Le Musée national s’engage pour la sauvegarde du patrimoine syrien
La Syrie est confrontée depuis 2011 à une guerre terrible. La République tchèque, qui rechigne à accueillir les réfugiés qui fuient le conflit, privilégie l’apport d’une aide humanitaire directement au Proche Orient. Et c’est dans le cadre de cette aide que le gouvernement tchèque, via le Musée national, s’est aussi engagé à contribuer à la sauvegarde du patrimoine culturel syrien, un patrimoine d’une richesse incomparable aujourd’hui menacé.
La Syrie face à la guerre
« Depuis qu’ils sont entrés le 21 mai 2015 dans Palmyre, les djihadistes ont pulvérisé temples et tours funéraires. Exemple : le temple de Bêl, en pierres taillées de calcaire doré, l’un des plus beaux sanctuaires de l’Orient romain. » Les médias du monde entier, et ici la chaîne de télé France 2, rapportent régulièrement les destructions d’un patrimoine culturel et historique inestimable auxquelles se livre l’organisation de l’Etat islamique en Syrie et en Irak. La ville de Palmyre en est l’illustration la plus médiatisée mais constitue un exemple parmi bien d’autres à l’échelle de la région.Evidemment, la priorité est de venir en aide aux hommes et aux femmes qui souffrent de la guerre civile qui ravage la Syrie depuis déjà cinq ans. C’est dans cette optique que le gouvernement tchèque a validé cet été un programme d’assistance humanitaire et de développement pour ce pays du Levant. L’effort est principalement porté sur l’aide médicale d’urgence. Mais un volet de ce programme porte aussi sur la sauvegarde du patrimoine culturel du pays, et notamment des monuments inscrits au patrimoine mondial de l’UNESCO.
Cette tâche a été dévolue au Musée national, l’institution muséale la plus importante de République tchèque. Voilà qui explique que son directeur, Michal Lukeš, a accompagné au mois d’octobre dernier une délégation du ministère des Affaires étrangères en Syrie. Quand on lui demande ce qu’il a vu là-bas, il souligne d’abord qu’il n’est pas vraiment un fin connaisseur d’une région où il n’est resté que quelques jours.
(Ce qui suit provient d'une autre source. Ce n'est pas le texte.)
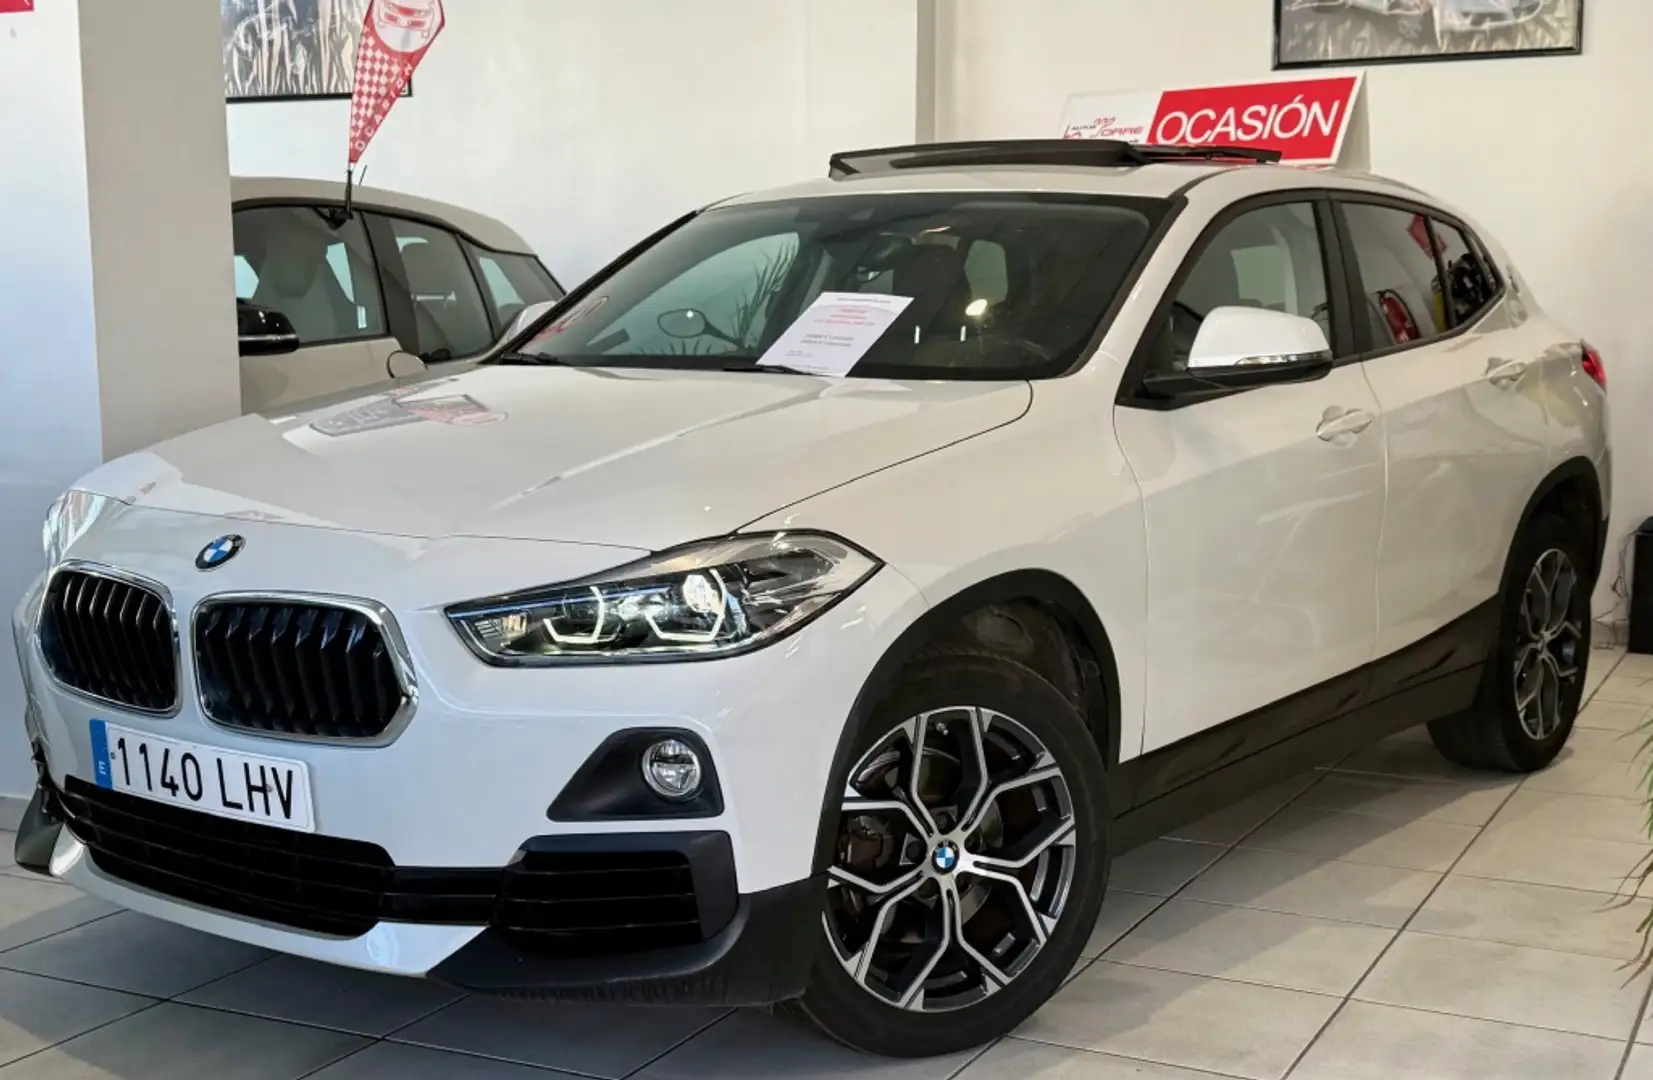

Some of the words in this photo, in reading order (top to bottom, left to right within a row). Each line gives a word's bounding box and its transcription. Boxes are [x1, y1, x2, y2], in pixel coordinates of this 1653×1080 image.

[1156, 94, 1340, 145] OCASIÓN
[117, 737, 204, 802] 1140
[216, 757, 293, 820] LHV
Quelque chose l’a de tout de même marqué :« C’est quelque chose que je ne pouvais pas m’imaginer mais la guerre est présente partout. Evidemment il y a des combats le long de la ligne de front mais même à Damas il y a toujours des combats dans les faubourgs de la ville. Damas est toujours la cible de grenades ou de tirs de roquettes. Ce qui m’a le plus étonné, c’est le fait que la vie suit son cours à Damas, les gens ont appris à vivre avec la guerre alors que ces personnes, qui n’ont nulle part où s’enfuir, sont les premières victimes du conflit armé. »
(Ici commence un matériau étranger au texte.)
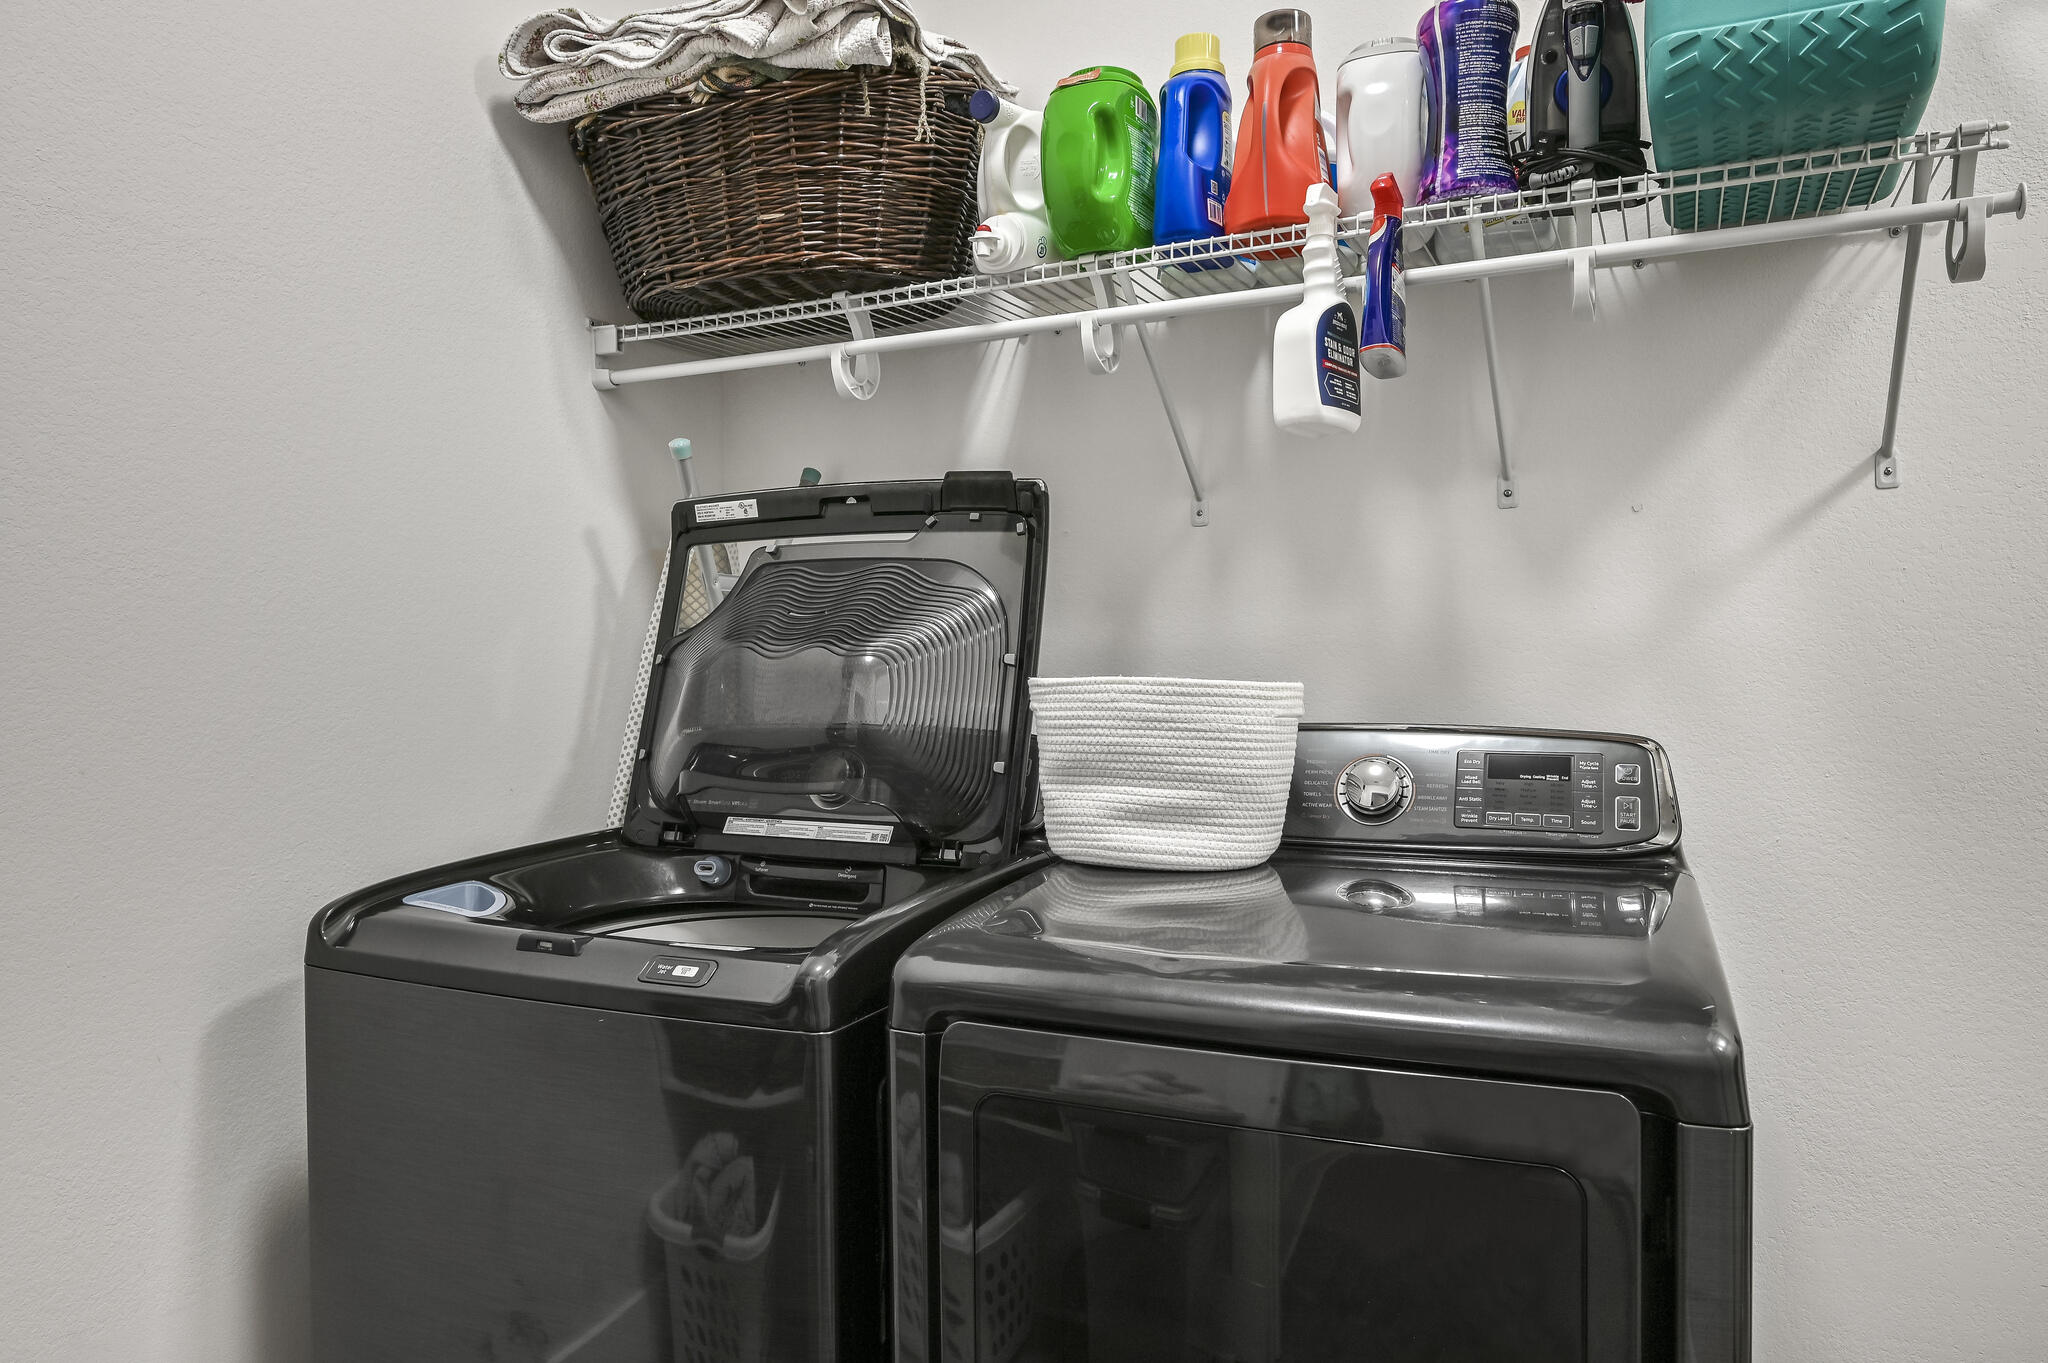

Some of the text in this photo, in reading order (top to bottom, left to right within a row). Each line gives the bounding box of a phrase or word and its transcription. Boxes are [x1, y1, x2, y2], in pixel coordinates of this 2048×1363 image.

[1324, 336, 1338, 351] STAIN
[1338, 342, 1343, 353] &
[1342, 344, 1356, 358] ODOR
[1327, 348, 1354, 367] ELIMINATOR
[837, 872, 857, 880] Detergent
Restaurer et conserver le patrimoine syrien
Michal Lukeš a pu se rendre dans les environs de la ville d’Homs et sur la côte, à Tartous. Mais c’est dans la capitale, Damas, qu’il a passé le plus clair de son temps. Il y a rencontré Maamoun Abdulkarim, le directeur des Antiquités et des Musées de Syrie. L’objectif était de dessiner les contours plus précis de l’aide que le Musée national sera en mesure d’apporter. Michal Lukeš :« Au moment où j’étais sur place, la situation sécuritaire ne nous permettait pas d’aller sur le terrain. Mais nous nous sommes tout de même mis d’accord sur certains points fondamentaux au sujet de l’aide que nous pouvons apporter. En premier lieu, nous aimerions dans le cadre du programme fournir une aide matérielle parce que nos collègues syriens manquent de matériel, manque des produits qui permettent de restaurer et de conserver les objets. L’avantage, c’est que des avions de transport militaire tchèques participent à ce programme. Cela veut dire que grâce à eux nous pouvons acheminer des biens directement à Damas. »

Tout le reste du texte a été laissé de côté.